So your mains incoming supply and transformer are OK to start with if you have a good healthy 16 Volt AC supply to the monitor.

With the voltage regulator being a 7812 - you should have +12V DC on the output, not the low voltage you are reading.

The 7812 pin-out is as follows:

1747315612765.png

The problem could be the four rectifier diodes (CR19 - CR22) used to generate a raw DC supply from the AC transformer input, or the initial smoothing capacitor C1.

Use your multimeter (set to 20 V DC) to measure the voltage either across capacitor C1 or between pins 1 and 2 of the 7812 voltage regulator.

Post the reading.

If this is OK (higher than 14V DC) then the problem is either the voltage regulator itself, or there is a short circuit on the monitor somewhere causing the voltage regulator to shutdown and protect itself (and everything else) from destruction.

Let's cross that bridge when we are happy that we have a healthy DC input to the voltage regulator.

I am assuming your 3 (ish) Volt reading was taken between pins 2 and 3 of the voltage regulator?

Dave
 
The voltage across capacitor C1 and between pins 1 and 2 of the 7812 voltage regulator both = 21v
The voltage across pins 2 and 3 of the 7812 voltage regulator = 3.7v
 
Excellent.

So things look good up to the voltage regulator but everything is sad afterwards...

So, we can go in one of three ways now.

1. We could remove the voltage regulator and replace it regardless.
2. We could remove the voltage regulator and test it out of circuit.
3. We could attempt to find a problem on the monitor board.

For option 3:

With the PET power switched OFF (and disconnected from the mains) - and left for a while to allow various capacitors to decay - use your multimeter (set to a fairly low resistance range (say 1kOhm max)) and measure the resistance between pins 2 and 3 of the voltage regulator. It is possible that the resistance starts out fairly low and then increases over time due to the action of the smoothing capacitors. After a while, the resistance should 'max out'.

What does it read when you get a stable reading?

If you just get a very low value - this would indicate a 'hard' fault on the monitor board that we need to locate.

I would also suggest taking a reading with the multimeter probes one way around, and then reverse the multimeter probes and take another reading. Sometimes you get different readings depending upon the semiconductor devices within the system. Reversing the probes can help.

Dave
 
I went ahead and ordered a replacement voltage regulator. When I pull the current one, what measurements would I look for when I test out of circuit?

This is what I ordered -

10 X ST L7812CV L7812 7812 Positive Voltage Regulator 12V 1A TO-220 IC - USA​

Thanks a million.
 
You should have asked before buying...

There are 'modern' parts and 'not modern' parts. The modern parts have thin metal tabs that are expected to be soldered to a PCB heatsink. What you want is a 7812 with a thick metal tab to make good contact with the heat sink. Don't forget to order some heatsink compound...

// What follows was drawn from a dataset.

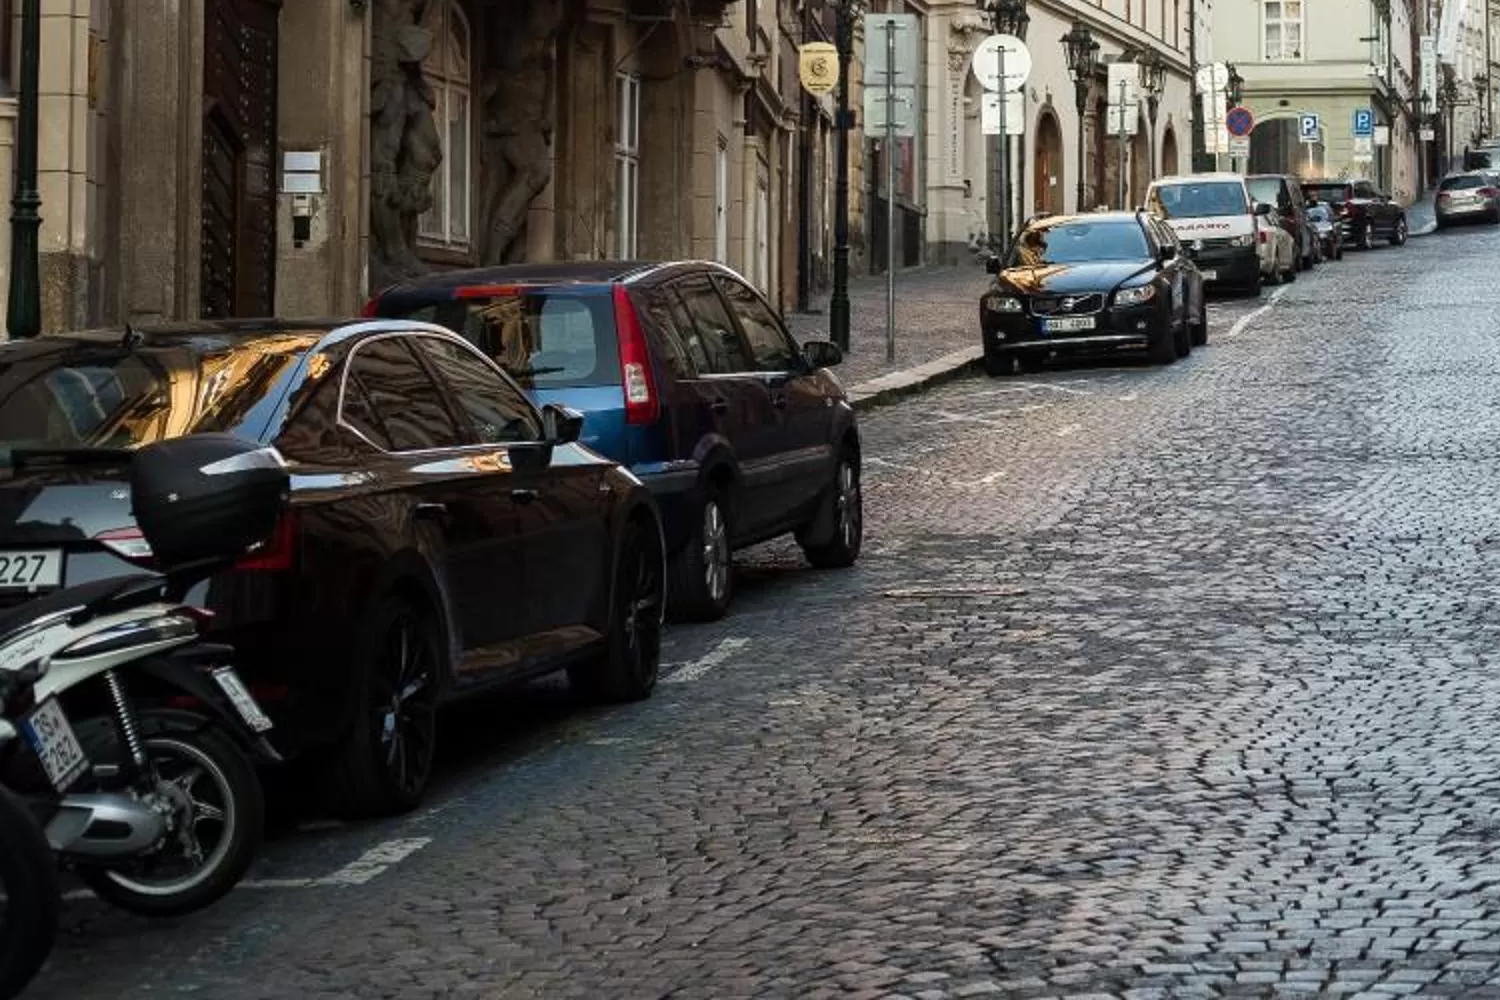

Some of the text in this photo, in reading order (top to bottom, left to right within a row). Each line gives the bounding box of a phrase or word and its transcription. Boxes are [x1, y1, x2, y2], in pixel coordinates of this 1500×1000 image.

[1303, 117, 1315, 135] P
[1358, 113, 1369, 129] P
[0, 555, 46, 583] 227

To test the voltage regulator offline you just need a 16V (or so) power supply. Do you have a bench power supply?

If not, you can use a couple of 9V batteries. Connect the + (positive) lead to pin 1 of the voltage regulator and the - (negative) lead to pin 2 of the voltage regulator. Measure the DC output voltage using your multimeter. It should now be +12V.

This tests the voltage regulator off load - but it does indicate that it is basically working.

If you have a bench power supply - and a 12V lamp - you could apply a bit of load to see if everything is still good. Obviously, you will need some form of external heat sink if you start to push the current flowing through the voltage regulator. Don't exceed the rated current of 1A though. 12V at 1A = 12W lamp maximum (give or take). If you try to exceed the current rating of the voltage regulator, or it gets too warm, it should shut down.

These vintage linear voltage regulators are fairly good at protecting themselves, but (like everything) they get old...

Dave
 
Using the (2) 9v battery method, the output from the VR is 3.6 - 3.7v.
 
I appreciate your help yet again. I have ordered heatsink compound. I'm looking for a VR with a thick tab.
 
No problem...

I tested out the voltage regulators on my Cromemco disk supplies before actually connecting them up to the disk drives. The regulators are on a separate PCB with heatsinks and a few other bits and pieces.

Interestingly, some of the voltage regulators were faulty, but short-circuit from the IN to the OUT terminal. It is very, very unusual for a linear voltage regulator to fail in this manner - but I had one. It is a good job I tested them all before connecting them up to anything and blowing up the floppy disk drive unit!

Whilst you are waiting, you can perform similar tests on the main logic board of your PET. What is the part number of the PCB (as there are multiple configurations of this PET)? It should be something like 32xxxx. What is the xxxx?

I think there are four (4) off +5V regulators on this board - all the inputs of which are derived from a common input voltage (from the same transformer and via a diode rectifier and smoothing capacitor. You need to measure the outputs of all four (4) voltage regulators.

By the way, what other test equipment do you have? Do you have (for example) a logic probe or oscilloscope?

Dave
 
My PCB number is 320008
Yes, I have a logic probe and a small oscilloscope.
I'll check the 4 VRs on the main board.
 
An original machine with 6540 ROMs and 6550 RAMs...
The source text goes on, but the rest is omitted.